(Free-text object descriptions)

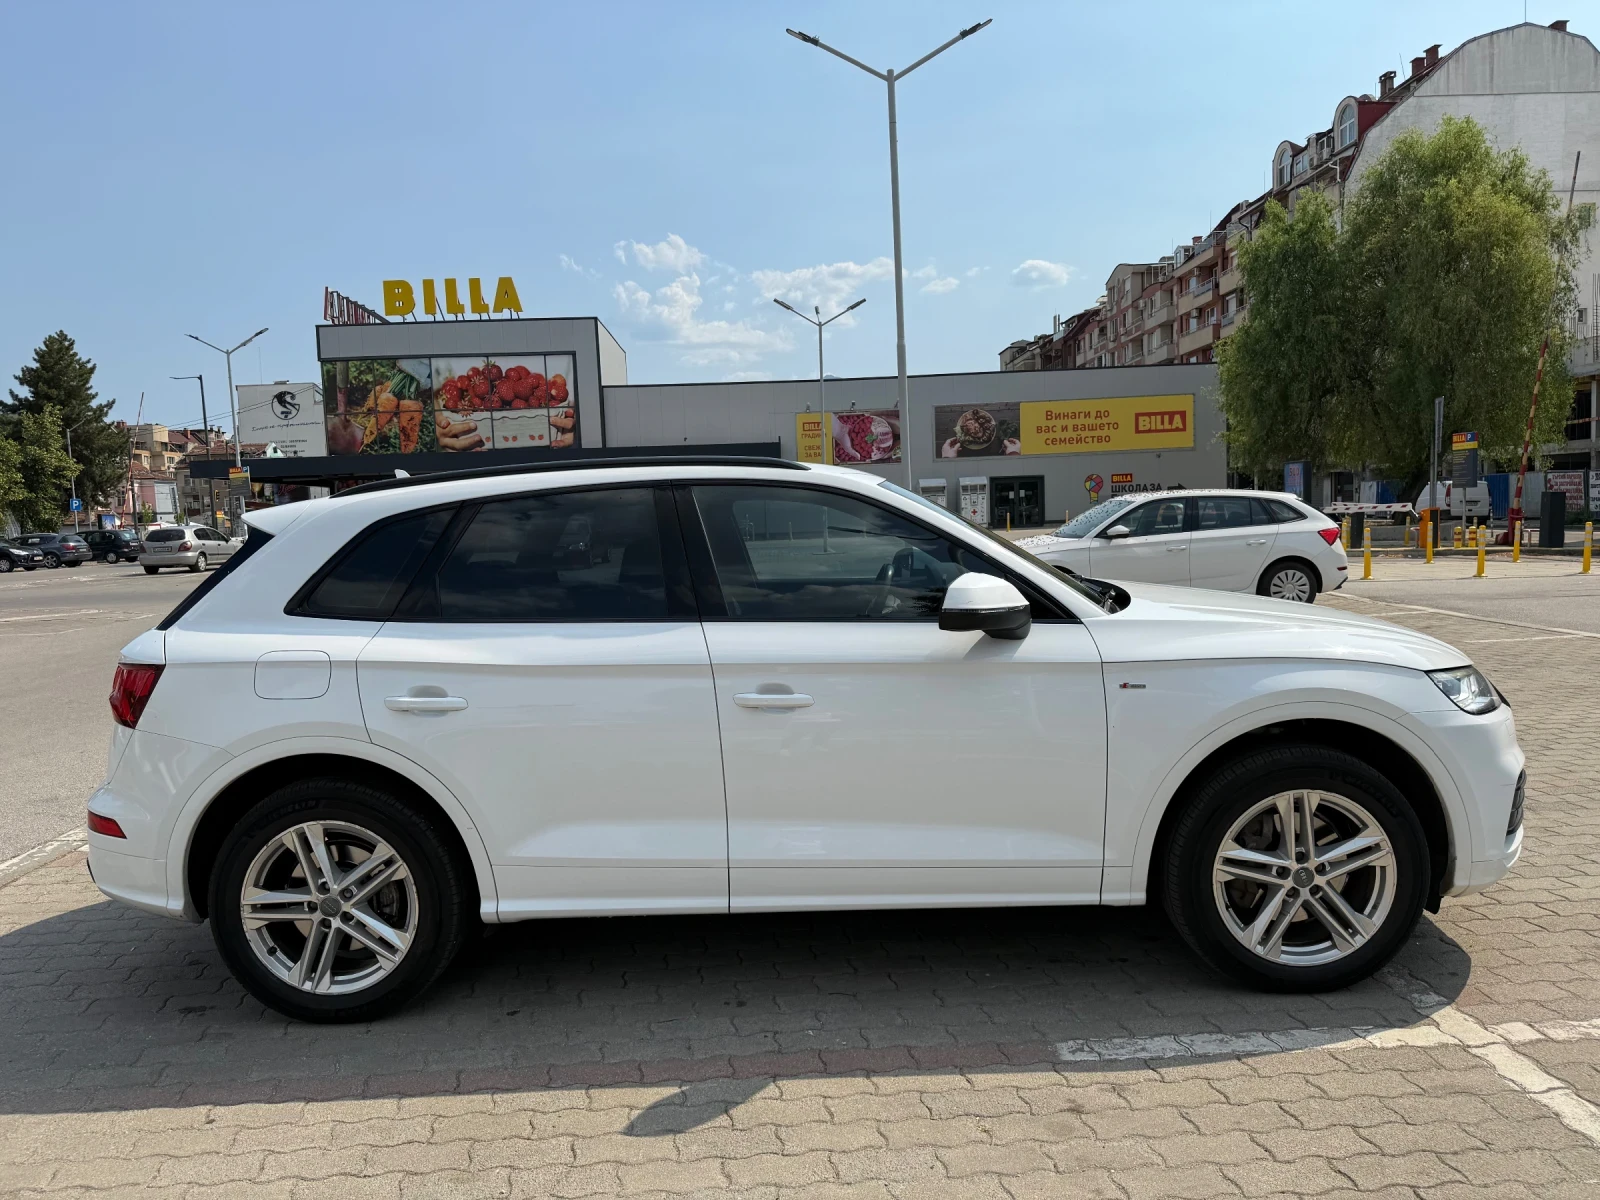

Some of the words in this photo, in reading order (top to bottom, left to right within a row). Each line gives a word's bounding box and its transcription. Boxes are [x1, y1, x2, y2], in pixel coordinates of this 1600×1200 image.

[383, 277, 523, 316] BILLA
[1045, 410, 1091, 421] Винаги
[1094, 409, 1110, 420] до
[1036, 424, 1057, 434] вас
[1061, 424, 1068, 433] и
[1072, 421, 1119, 433] вашето
[1138, 414, 1183, 431] BILLA
[1044, 433, 1111, 446] семейство
[1112, 474, 1131, 482] BILLA
[1111, 484, 1148, 493] ШКОЛА
[1149, 483, 1162, 491] ЗА

## TRY IT:
Every entry above should be written out again verbatim, with no pictures included.

## TASK ANSWER:
Some of the words in this photo, in reading order (top to bottom, left to right within a row). Each line gives a word's bounding box and its transcription. Boxes are [x1, y1, x2, y2], in pixel coordinates of this 1600×1200 image.

[383, 277, 523, 316] BILLA
[1045, 410, 1091, 421] Винаги
[1094, 409, 1110, 420] до
[1036, 424, 1057, 434] вас
[1061, 424, 1068, 433] и
[1072, 421, 1119, 433] вашето
[1138, 414, 1183, 431] BILLA
[1044, 433, 1111, 446] семейство
[1112, 474, 1131, 482] BILLA
[1111, 484, 1148, 493] ШКОЛА
[1149, 483, 1162, 491] ЗА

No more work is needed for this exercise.